The ‘just-in-case’ inventory rebound: Post-pandemic trade-offs between resilience and working capital


DOI:
https://doi.org/10.71350/30624533117Keywords:
Supply chain resilience, working capital optimization, inventory management, strategic buffering, resilience fatigueAbstract
The COVID-19 pandemic delivered a seismic shock to global supply chains, exposing profound vulnerabilities in highly efficient Just-in-Time (JIT) inventory systems as critical stockouts paralyzed industries worldwide. This crisis triggered an urgent pivot toward resilient Just-in-Case (JIC) buffering strategies—but does this shift represent a lasting transformation or merely a temporary reaction? Through rigorous analysis of panel data spanning 1,200 firms across 10 industries from 2018–2023 and in-depth interviews with 30 supply chain executives, this study examines whether organizations sustain elevated safety stocks post-crisis and at what cost to working capital efficiency. Our findings reveal a complex reality: while 60% of firms increased inventory buffers by 15–40% during the pandemic's peak, only 20% maintained these levels beyond 2022. By 2023, aggregate stocks had reverted halfway to pre-pandemic baselines despite persistent geopolitical and climate risks, demonstrating our pioneering "Resilience Fatigue" thesis—the waning urgency of past disruptions against mounting working capital pressures.
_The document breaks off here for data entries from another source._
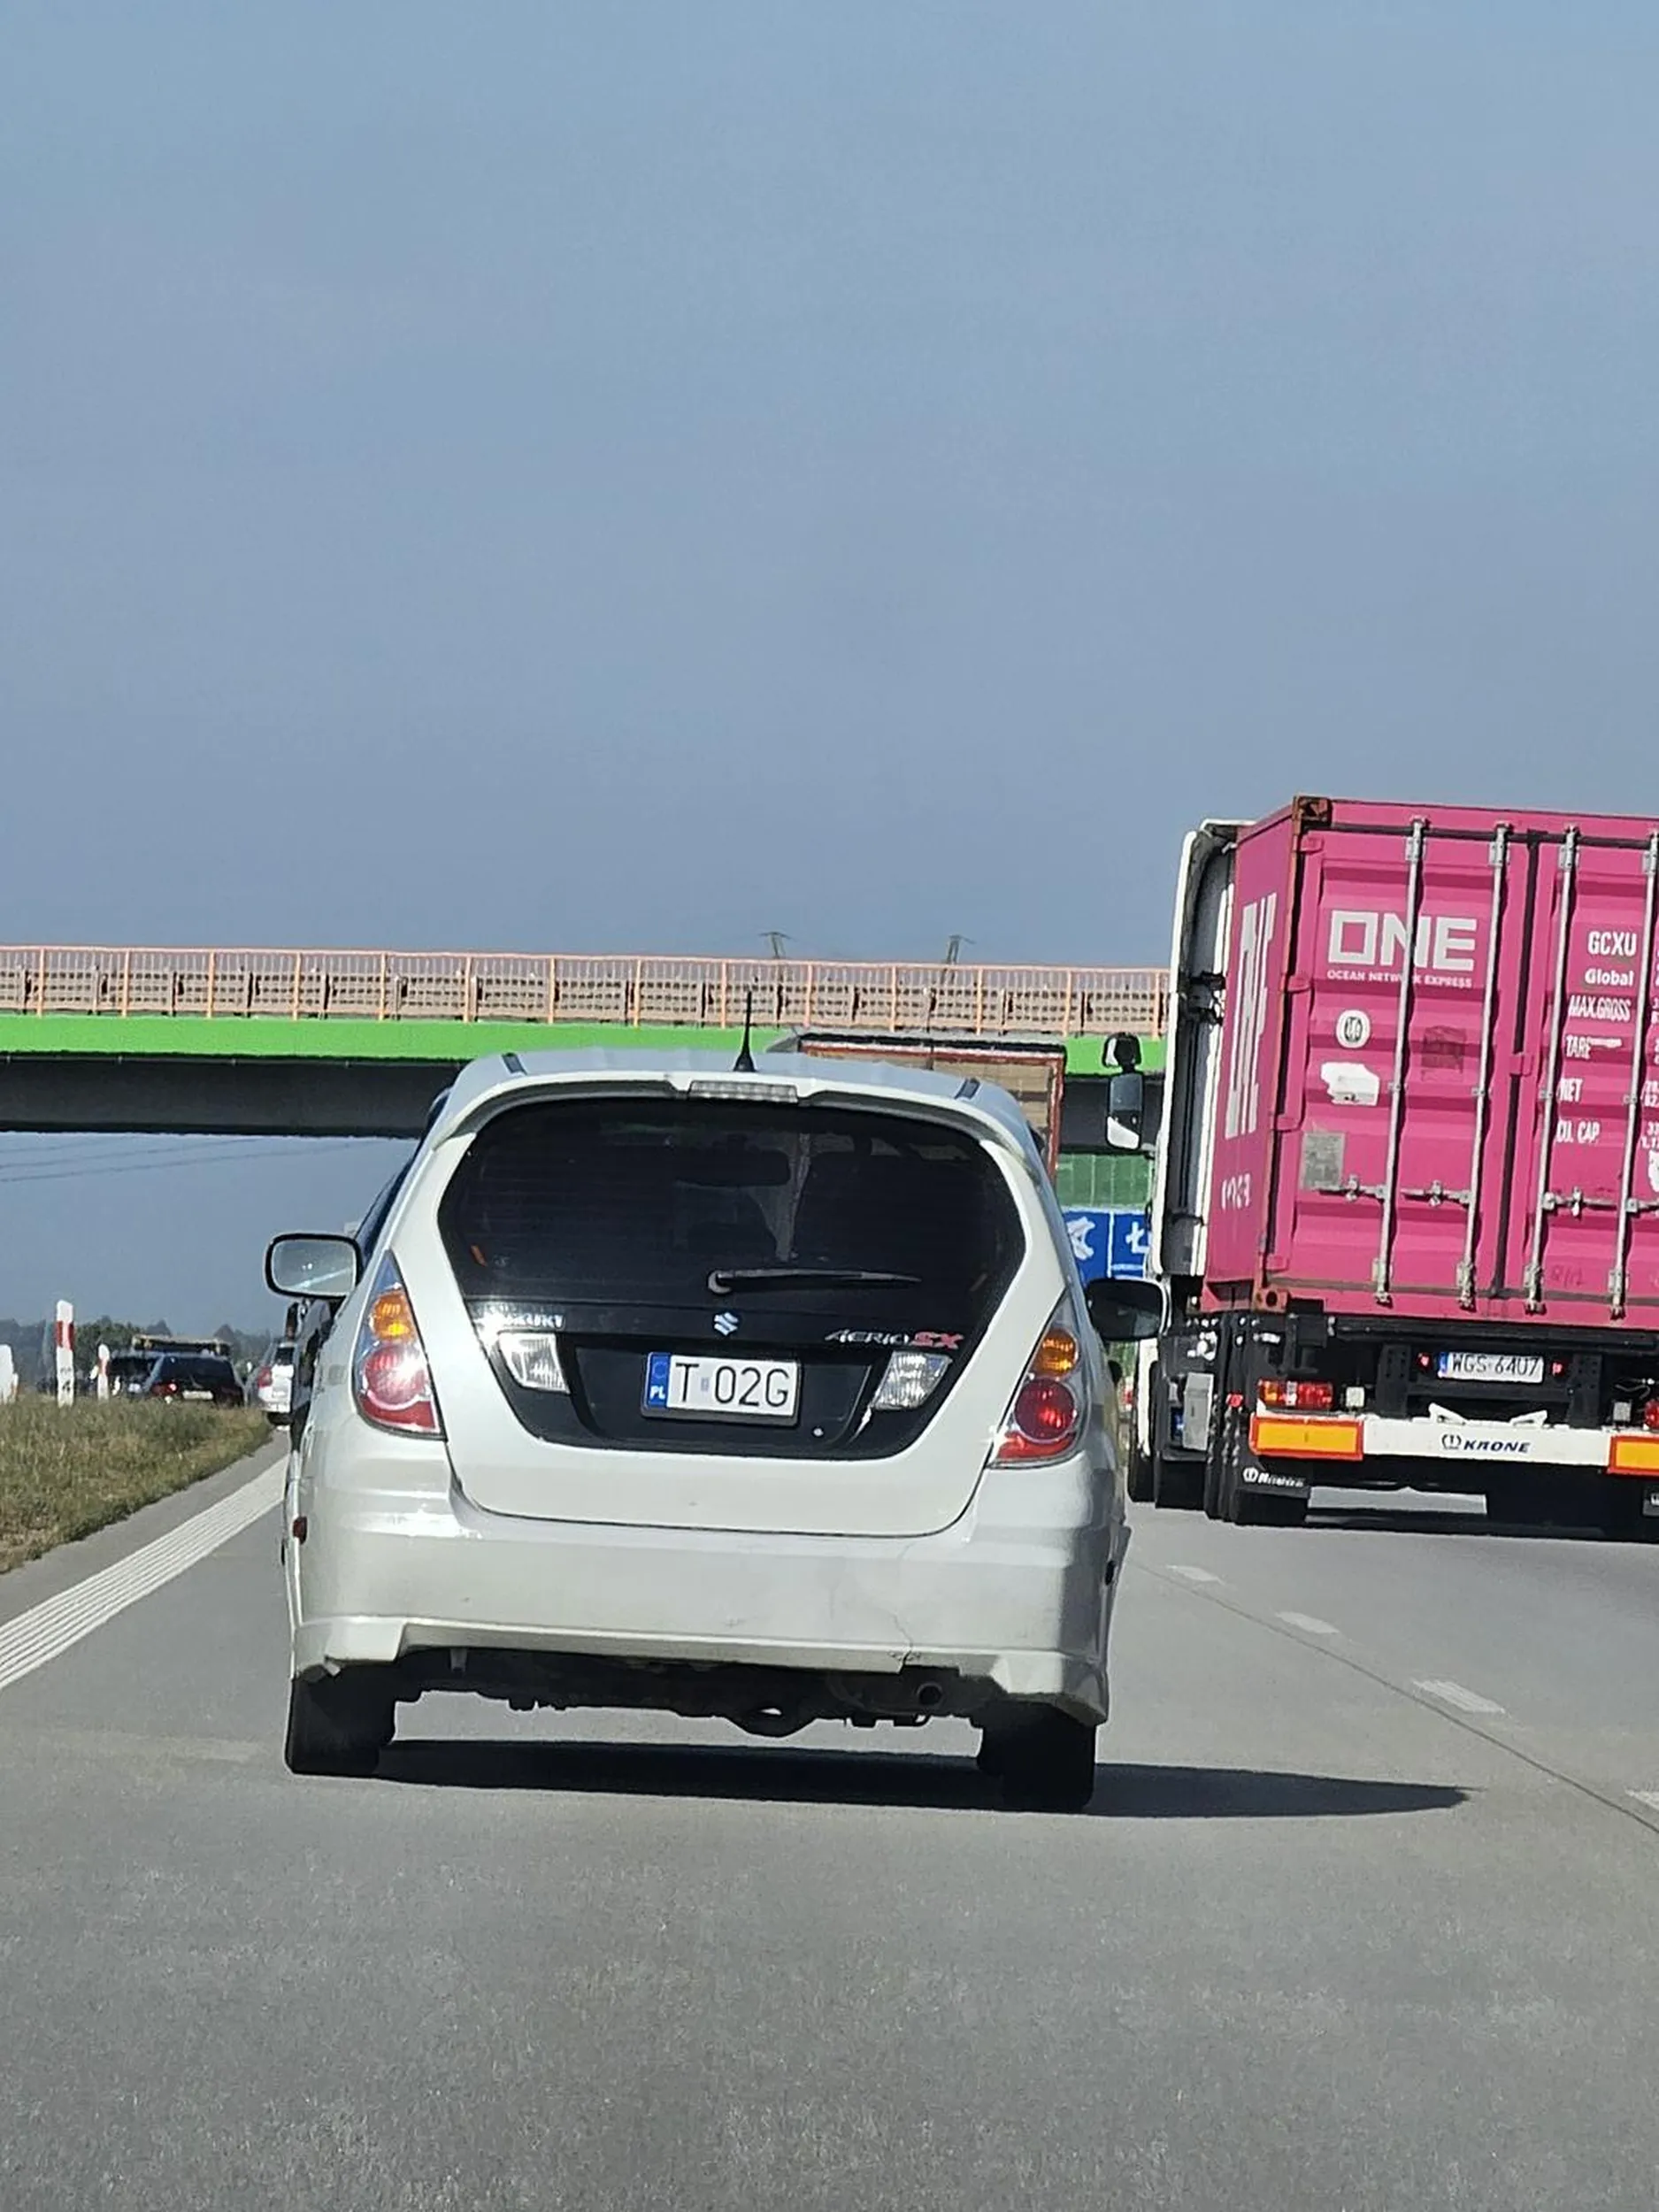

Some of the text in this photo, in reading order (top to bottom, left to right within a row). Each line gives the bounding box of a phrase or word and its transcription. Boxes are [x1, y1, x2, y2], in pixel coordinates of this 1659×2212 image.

[1328, 910, 1477, 971] ONE
[1587, 930, 1637, 956] GCXU
[1327, 969, 1472, 988] OCEAN NETWK EXPRESS
[1584, 968, 1634, 987] Global
[1565, 1034, 1592, 1059] TARE
[1557, 1078, 1583, 1102] NET
[824, 1329, 964, 1349] AERIO SX
[1452, 1352, 1487, 1373] WGS
[649, 1386, 666, 1401] PL
[675, 1362, 789, 1408] T 02G
[1463, 1439, 1531, 1454] KRONE
JIC adopters incurred 5–12% higher carrying costs, with technology and automotive sectors absorbing the sharpest impacts. Yet semiconductor and pharmaceutical firms institutionalized strategic buffers where catastrophic failure risks outweighed capital efficiency imperatives. By demonstrating how temporal decay reshapes the resilience-capital trade-off, we extend foundational supply chain theory and establish a contingency-based neo-resilience paradigm. This research delivers actionable frameworks for intelligent buffering and charts pathways for AI-driven hybrid models, empowering firms to balance operational robustness against financial vitality in our age of perpetual disruption.